Doing nothing—simply intensely and undividedly observing everything that is happening outwardly and inwardly—is the highest action that a human being is capable.

Initiating the movement of negation, which effortlessly dissolves patterned thoughts and accumulated emotions, may be the path to illumination. But first it’s an essential action for health of the mind and body.

Obviously, for the organism to operate optimally, it has to empty out accretions. Mental accumulation is not just a matter of ‘information overload,’ but of absorbing toxic content of which one is unaware.

The process of being fully aware of emotional, mental and physical accumulations, of allowing them to flow forth into awareness and be released from the mind and body, is the process of negation in meditation.

Unless one is actually in a meditative state of awareness, experience leaves a residue of which we are not entirely aware. For example, we’ve all had experiences where we think we’re having a good conversation with someone, but they make a cutting remark, perhaps unintentionally, which ‘sticks in our craw.’ We don’t realize it until later, when we feel angry but aren’t sure exactly why.

There are three approaches to such things. One can, as most people do, push the offending remark away and push on, telling ourselves, ‘it’s nothing and it doesn’t bother me.’ In this way, one becomes oblivious to what is going on within one, and becomes the kind of person that made the thoughtless remark.

The second approach is to analyze one’s delayed reactions, try to intellectually understand them, and thereby control one’s emotions.

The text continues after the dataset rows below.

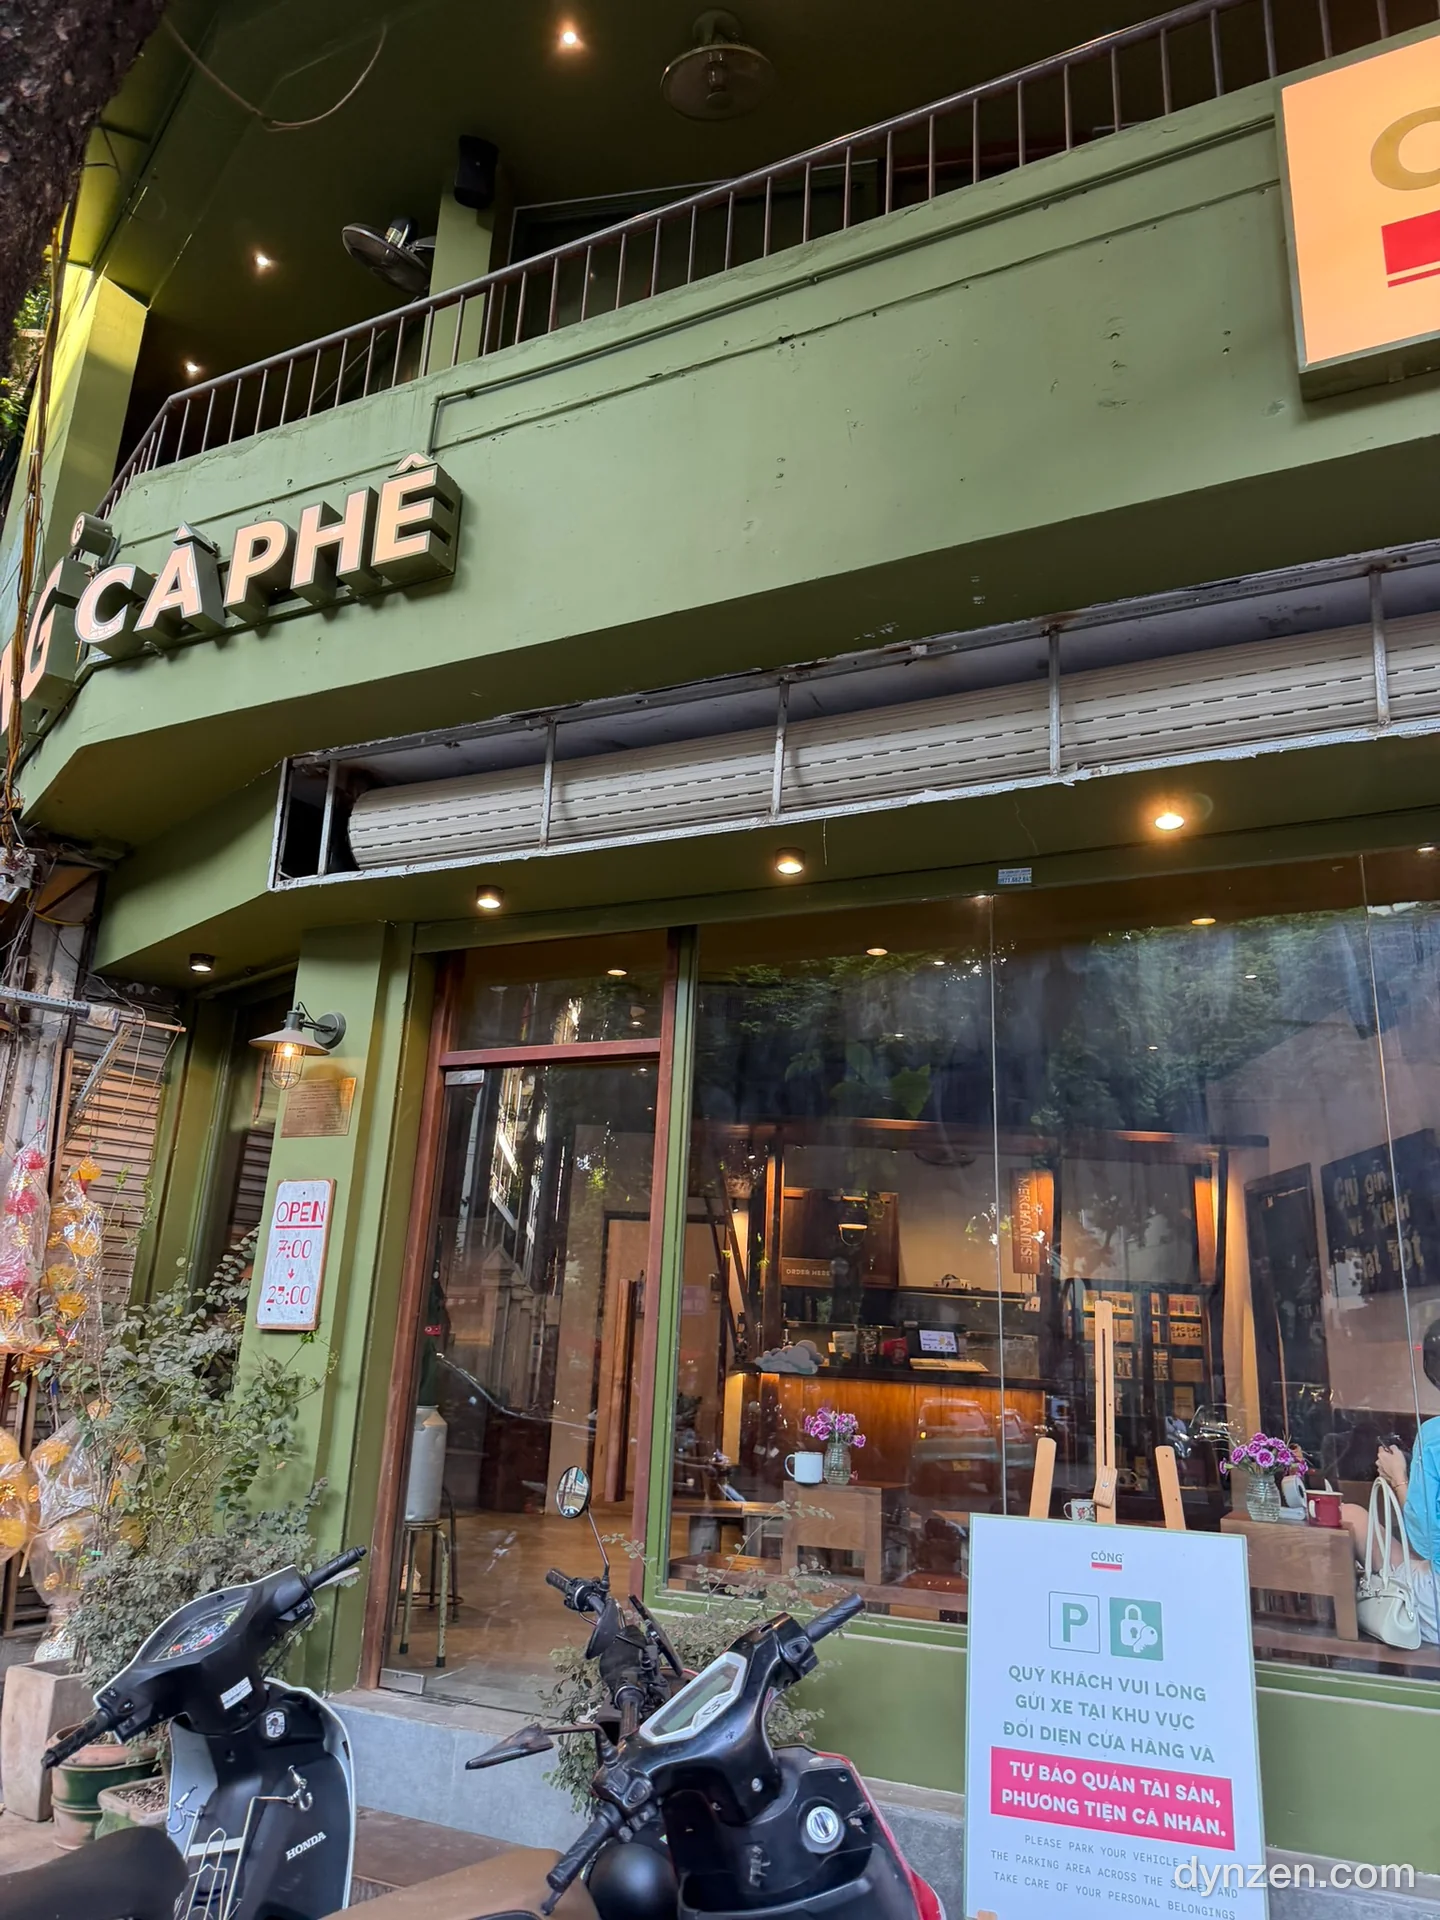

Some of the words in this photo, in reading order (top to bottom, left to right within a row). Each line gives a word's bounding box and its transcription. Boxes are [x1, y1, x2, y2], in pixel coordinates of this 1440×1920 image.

[223, 452, 439, 607] PHÊ
[276, 1200, 326, 1224] OPEN
[1018, 1177, 1033, 1265] MERCHANDISE
[275, 1239, 313, 1260] 7:00
[786, 1268, 811, 1276] ORDER
[266, 1285, 312, 1306] 23:00
[1062, 1602, 1089, 1643] P
[1050, 1669, 1113, 1691] KHÁCH
[1118, 1677, 1149, 1695] VUI
[1156, 1680, 1206, 1702] LÒNG
[1051, 1698, 1073, 1714] XE
[1078, 1702, 1106, 1721] TẠI
[1112, 1706, 1150, 1724] KHU
[1155, 1711, 1195, 1731] VỰC
[1003, 1717, 1034, 1739] ĐỐI
[1040, 1726, 1081, 1746] DIỆN
[1131, 1737, 1185, 1759] HÀNG
[1190, 1744, 1215, 1763] VÀ
[1009, 1761, 1034, 1782] TỰ
[1039, 1763, 1076, 1785] BẢO
[1082, 1770, 1136, 1794] QUẢN
[1001, 1788, 1079, 1815] PHƯƠNG
[1084, 1800, 1127, 1823] TIỆN
[1164, 1811, 1227, 1837] NHÂN.
[286, 1831, 327, 1861] HONDA
[1024, 1834, 1062, 1849] PLEASE
[1069, 1841, 1094, 1854] PARK
[1100, 1845, 1127, 1860] YOUR
[1133, 1851, 1179, 1868] VEHICLE
[990, 1850, 1009, 1861] THE
[1015, 1854, 1059, 1870] PARKING
[1065, 1862, 1092, 1875] AREA
[1097, 1867, 1137, 1883] ACROSS
[1144, 1874, 1163, 1887] THE
[1170, 1879, 1208, 1893] SEE
[1217, 1887, 1238, 1899] AND
[993, 1871, 1018, 1885] TAKE
[1024, 1876, 1049, 1890] CARE
[1056, 1882, 1069, 1893] OF
[1075, 1885, 1101, 1898] YOUR
[1108, 1891, 1160, 1909] PERSONAL
[1168, 1901, 1236, 1920] BELONGINGS

This ‘top down’ method strengthens the accumulative, calculating mind, stunting the heart and the human being.

A third approach is to intensely observe, without the separation of the observer, one’s thoughts and feelings about the incident as the mind replays it, without trying to analyze or explain. In this way the effects, indeed the memory of the underhanded remark is deleted.

In short, the mind stores experiences that leave traces on the emotional centers of the brain. If one knows how to observe the movement of thought/emotion in oneself, the residue of the experiences will spontaneously unfold, tell their story, and be finished.

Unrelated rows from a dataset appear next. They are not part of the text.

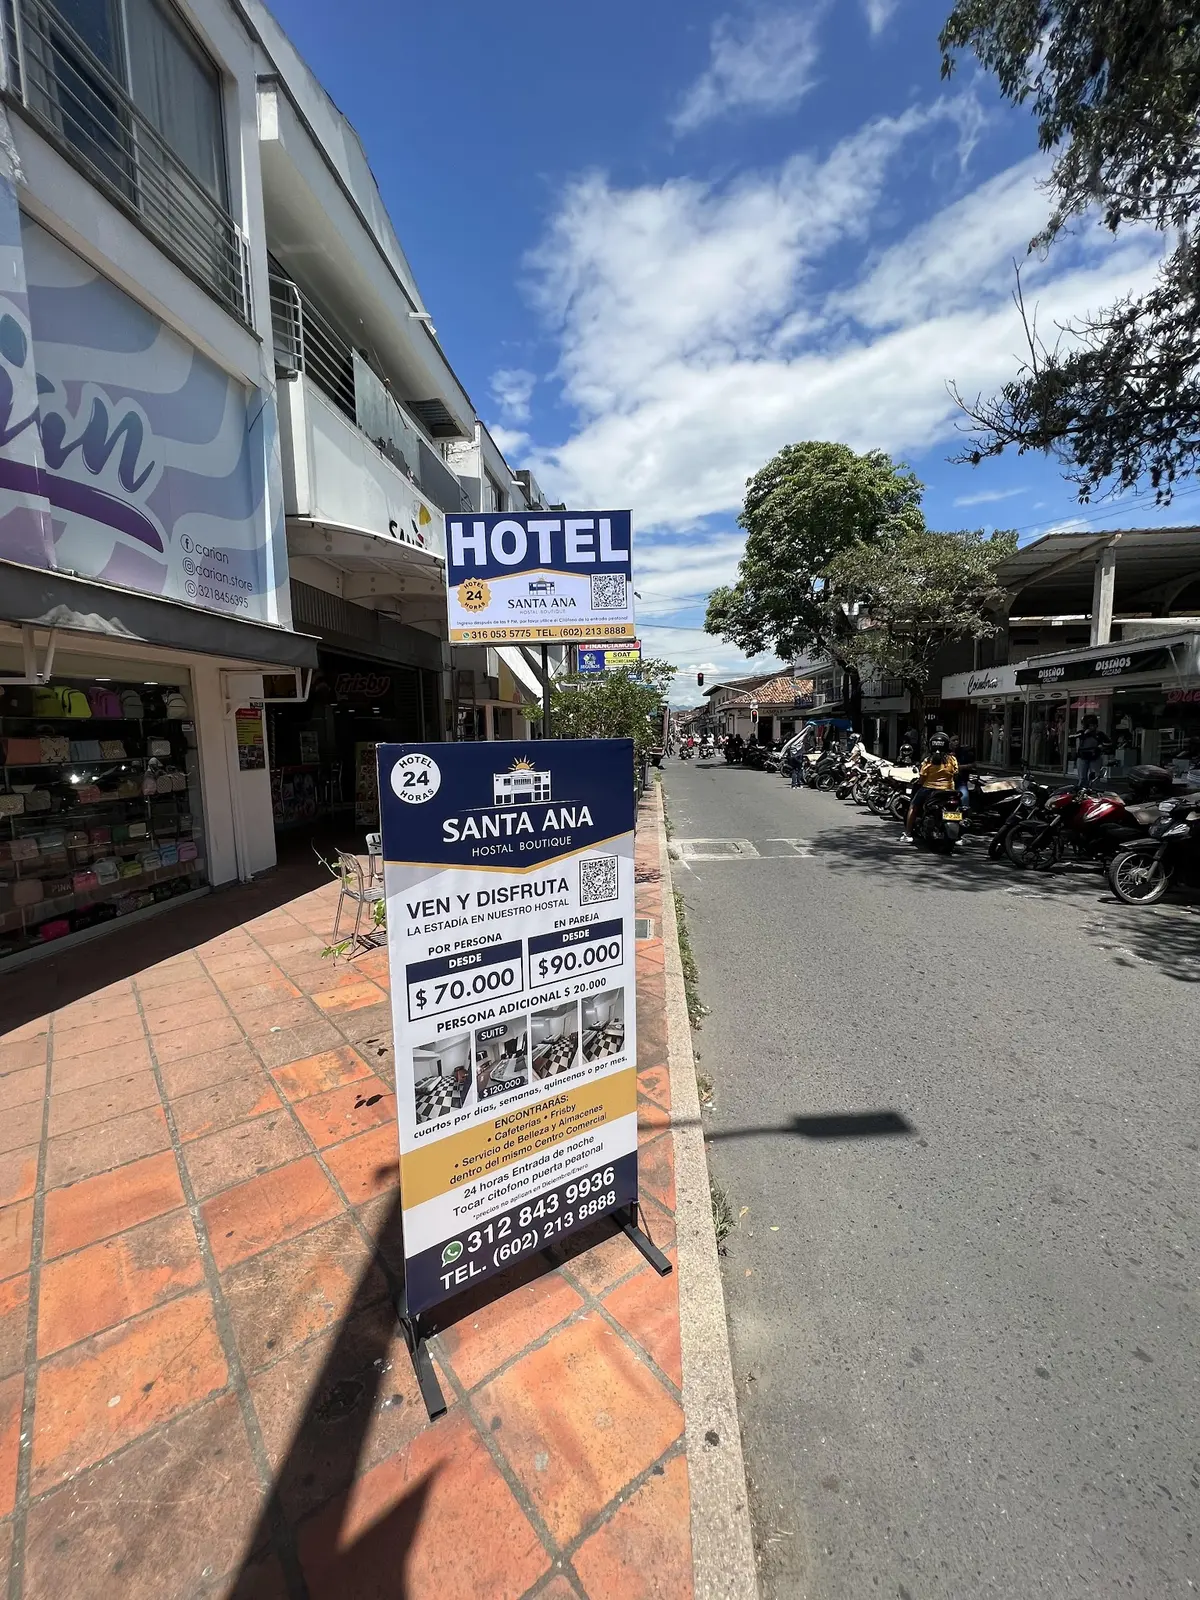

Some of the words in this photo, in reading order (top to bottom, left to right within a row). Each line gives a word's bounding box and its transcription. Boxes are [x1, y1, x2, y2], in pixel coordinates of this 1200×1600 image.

[196, 544, 228, 564] carian
[451, 518, 628, 566] HOTEL
[196, 566, 252, 592] carian.store
[464, 582, 484, 590] HOTEL
[198, 584, 248, 608] 3218456395
[466, 590, 482, 600] 24
[508, 598, 547, 608] SANTA
[551, 598, 576, 608] ANA
[510, 629, 531, 637] 5775
[560, 628, 582, 637] (602)
[335, 672, 390, 698] Frisby
[400, 756, 433, 769] HOTEL
[402, 771, 430, 787] 24
[400, 788, 434, 802] HORAS
[442, 812, 534, 843] SANTA
[542, 805, 594, 832] ANA
[472, 843, 513, 857] HOSTAL
[520, 836, 572, 851] BOUTIQUE
[407, 897, 450, 919] VEN
[456, 894, 470, 910] Y
[476, 878, 569, 908] DISFRUTA
[408, 926, 422, 937] LA
[424, 916, 468, 934] ESTADÍA
[472, 914, 484, 924] EN
[488, 905, 532, 921] NUESTRO
[534, 898, 569, 912] HOSTAL
[554, 919, 566, 929] EN
[569, 912, 600, 926] PAREJA
[428, 943, 450, 956] POR
[454, 932, 502, 950] PERSONA
[562, 929, 590, 942] DESDE
[448, 953, 482, 969] DESDE
[434, 968, 514, 1004] 70.000
[436, 1008, 495, 1033] PERSONA
[498, 990, 561, 1016] ADICIONAL
[573, 978, 606, 994] 20.000
[480, 1026, 505, 1040] SUITE
[414, 1120, 451, 1139] cuartos
[454, 1112, 472, 1127] por
[499, 1088, 541, 1107] semanas,
[543, 1071, 586, 1091] quincenas
[595, 1062, 608, 1074] por
[610, 1057, 628, 1066] mes.
[489, 1078, 521, 1095] 120.000
[494, 1095, 569, 1129] ENCONTRARÁS:
[494, 1117, 541, 1141] Cafeterías
[550, 1103, 576, 1119] Frisby
[450, 1168, 482, 1185] dentro
[485, 1157, 499, 1170] del
[502, 1146, 533, 1162] mismo
[535, 1131, 564, 1148] Centro
[566, 1112, 607, 1134] Comercial
[462, 1146, 500, 1167] Servicio
[503, 1141, 515, 1150] de
[518, 1127, 549, 1145] Belleza
[551, 1124, 556, 1132] y
[559, 1104, 603, 1127] Almacenes
[453, 1202, 485, 1217] Tocar
[488, 1178, 530, 1201] citofono
[532, 1162, 563, 1186] puerta
[565, 1142, 604, 1168] peatonal
[464, 1188, 477, 1199] 24
[480, 1173, 509, 1192] horas
[512, 1155, 550, 1176] Entrada
[553, 1148, 564, 1159] de
[567, 1134, 594, 1152] noche
[510, 1190, 533, 1203] aplican
[542, 1163, 588, 1187] Diciembre/Enero
[467, 1216, 512, 1253] 312
[519, 1193, 559, 1227] 843
[566, 1167, 615, 1205] 9936
[440, 1260, 487, 1290] TEL.
[493, 1230, 538, 1267] (602)
[544, 1212, 574, 1239] 213
[578, 1191, 616, 1219] 8888

This is the healthiest way of going about things, and remaining young in mind and heart. Of course it requires an understanding of right observation, which is completely undivided and unwilled. It also requires taking the time every day to passively and energetically watch the film of one’s mind run, until it stops.

Most people, especially in hyper-individualized societies, are not aware of the culture—the sea in which we all swim. They are like the fish who turns to the awakening fish and says, ‘what water?’

Periodically in California, animals at the top of the food chain—otters, seals, birds, dolphins, and even whales—wash up dead on the Pacific coast. Scientists think this disturbing phenomenon, whose immediate cause appears to be toxic algae growth, is the result of many factors—pollution, warming of the oceans, over-fishing, environmental stress, etc.

This is both a metaphor and physical expression of the cumulative effects of the buildup of poisons in and from human consciousness. Without regularly initiating the cleansing movement of negation, accumulations build up to toxic levels—in the environment, and within us.